== Task description ==
Below are the records; restate all of them word for word.

== Data provided ==
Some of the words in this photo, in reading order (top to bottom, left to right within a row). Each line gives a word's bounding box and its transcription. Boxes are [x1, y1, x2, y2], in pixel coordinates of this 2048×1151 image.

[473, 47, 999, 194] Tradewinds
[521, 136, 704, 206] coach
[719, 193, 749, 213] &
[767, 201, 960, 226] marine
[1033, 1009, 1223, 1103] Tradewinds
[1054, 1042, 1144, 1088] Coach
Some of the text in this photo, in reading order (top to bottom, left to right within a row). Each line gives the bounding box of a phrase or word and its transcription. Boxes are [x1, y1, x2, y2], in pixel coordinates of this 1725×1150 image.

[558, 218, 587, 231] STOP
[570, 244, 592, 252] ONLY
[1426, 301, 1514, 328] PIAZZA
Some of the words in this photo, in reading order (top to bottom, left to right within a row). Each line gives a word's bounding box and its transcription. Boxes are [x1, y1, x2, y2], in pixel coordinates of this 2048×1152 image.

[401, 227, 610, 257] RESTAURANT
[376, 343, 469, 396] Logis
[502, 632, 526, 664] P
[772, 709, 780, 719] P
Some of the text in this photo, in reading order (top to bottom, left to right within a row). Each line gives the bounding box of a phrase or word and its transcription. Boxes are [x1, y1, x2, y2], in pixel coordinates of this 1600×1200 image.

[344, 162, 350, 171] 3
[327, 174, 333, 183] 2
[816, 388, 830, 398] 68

== Reply ==
Some of the words in this photo, in reading order (top to bottom, left to right within a row). Each line gives a word's bounding box and its transcription. Boxes are [x1, y1, x2, y2], in pixel coordinates of this 2048×1151 image.

[473, 47, 999, 194] Tradewinds
[521, 136, 704, 206] coach
[719, 193, 749, 213] &
[767, 201, 960, 226] marine
[1033, 1009, 1223, 1103] Tradewinds
[1054, 1042, 1144, 1088] Coach
Some of the text in this photo, in reading order (top to bottom, left to right within a row). Each line gives the bounding box of a phrase or word and its transcription. Boxes are [x1, y1, x2, y2], in pixel coordinates of this 1725×1150 image.

[558, 218, 587, 231] STOP
[570, 244, 592, 252] ONLY
[1426, 301, 1514, 328] PIAZZA
Some of the words in this photo, in reading order (top to bottom, left to right within a row). Each line gives a word's bounding box and its transcription. Boxes are [x1, y1, x2, y2], in pixel coordinates of this 2048×1152 image.

[401, 227, 610, 257] RESTAURANT
[376, 343, 469, 396] Logis
[502, 632, 526, 664] P
[772, 709, 780, 719] P
Some of the text in this photo, in reading order (top to bottom, left to right within a row). Each line gives the bounding box of a phrase or word and its transcription. Boxes are [x1, y1, x2, y2], in pixel coordinates of this 1600×1200 image.

[344, 162, 350, 171] 3
[327, 174, 333, 183] 2
[816, 388, 830, 398] 68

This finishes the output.